Member of the Bundestag; for Kulmbach;
- Incumbent
- Assumed office 22 October 2013
- Preceded by: Karl-Theodor zu Guttenberg (2011)

Personal details
- Born: 27 March 1987 (age 39) Lichtenfels, Bavaria, West Germany
- Party: Christian Social Union
- Spouse: Jürgen Baumgärtner
- Children: 1
- Education: University of Bamberg

= Emmi Zeulner =

German politician (born 1987)

Emmi Zeulner (born 27 March 1987) is a German nurse and politician of the Christian Social Union (CSU) who has been serving as a member of the Bundestag since 2013.

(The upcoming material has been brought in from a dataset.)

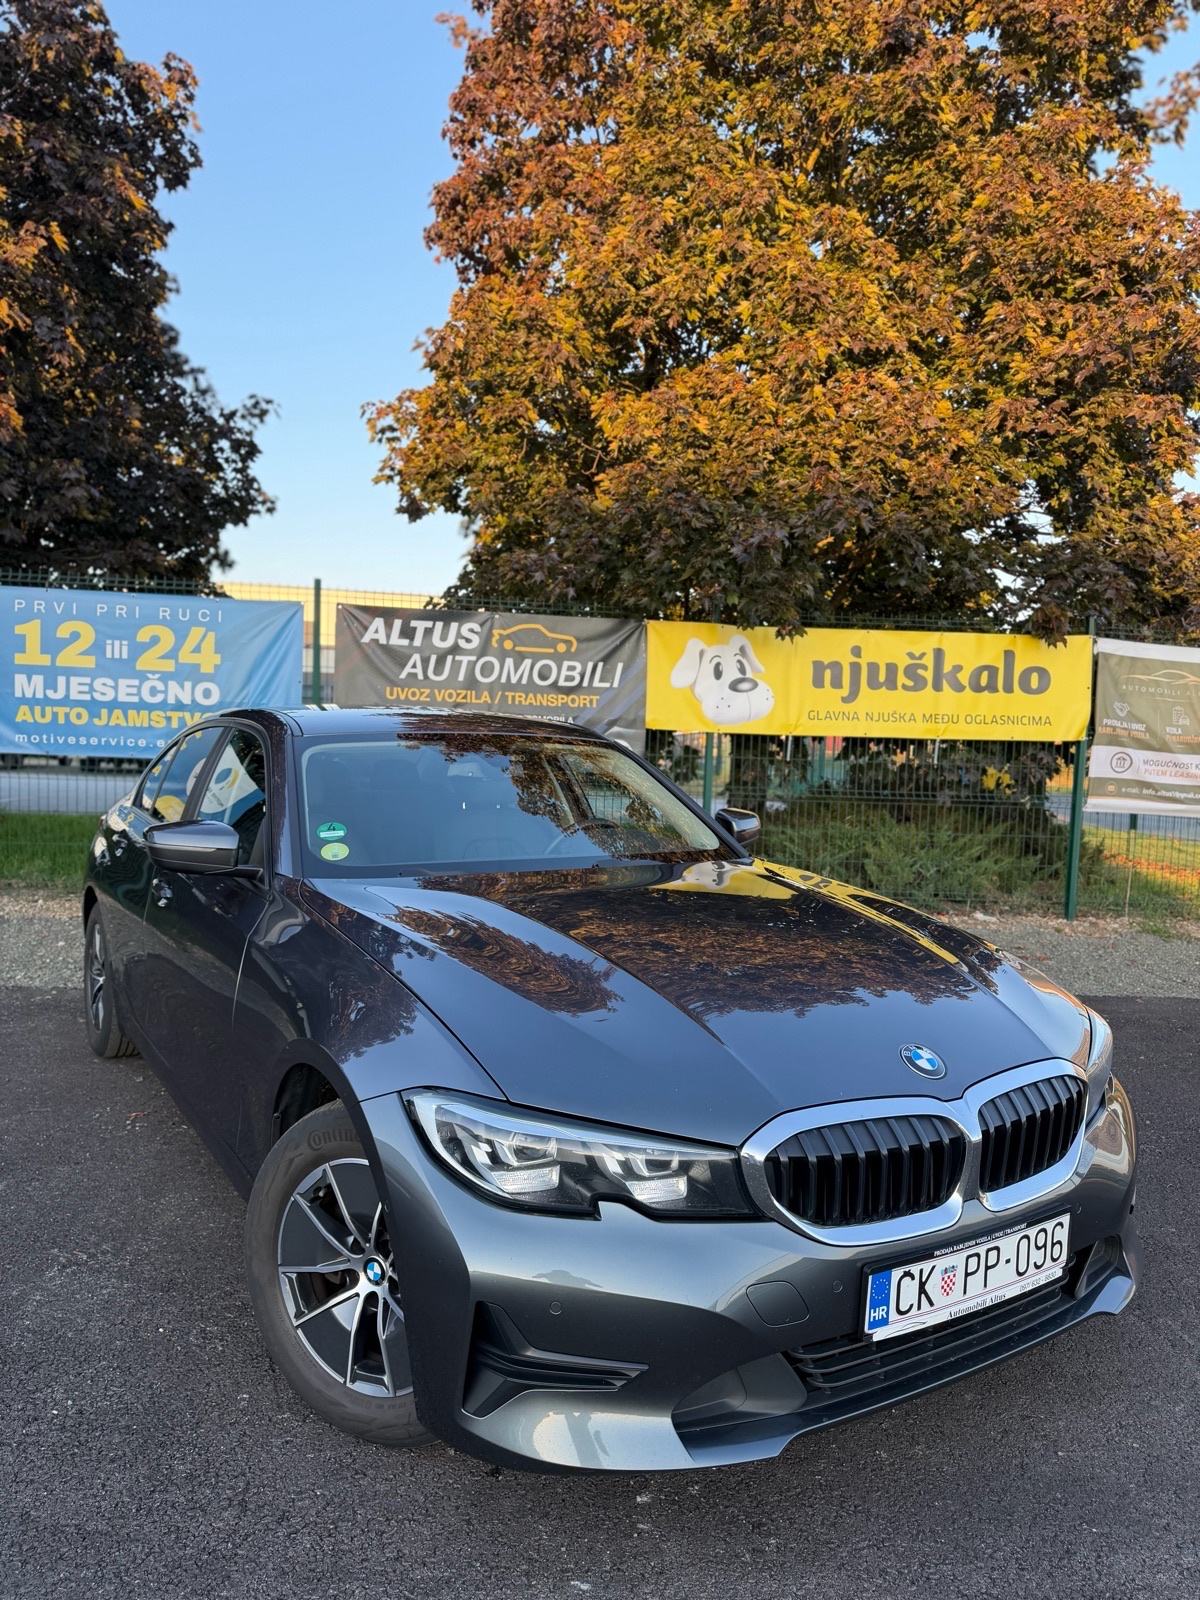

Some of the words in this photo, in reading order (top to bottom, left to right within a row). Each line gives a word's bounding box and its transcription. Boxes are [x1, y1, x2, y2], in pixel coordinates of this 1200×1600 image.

==Early life and education==
Born in Lichtenfels, Bavaria, Germany, Zeulner is the daughter of an innkeeper from Degendorf. She became interested in politics at an early age after hearing it discussed in her father's tavern. In cultural events, she represented her town as a basket maker. After leaving school, she studied to become a nurse. In 2008 she was elected a local councillor.

==Member of the Bundestag (2013–present)==
In January 2013, Zeulner was selected as the CSU candidate for the Kulmbach constituency, defeating two CSU candidates from neighbouring counties.

Results
| Candidate | Vote |  |  |
| 1 | 2 |
| Emmi Zeulner | 68 | 82 |
| Jörg Kunstmann | 71 | 76 |
| Alexander Hummel | 19 | - |

The Kulmbach constituency had been held by the party since a 1950 by-election and at the previous election her predecessor, the high-profile Karl-Theodor zu Guttenberg, had received the highest vote share in Germany. She held the seat at the 2013 election, receiving nearly 57% of the vote. She was the youngest CSU candidate in the election. After Mahmut Özdemir, she was the second youngest candidate elected.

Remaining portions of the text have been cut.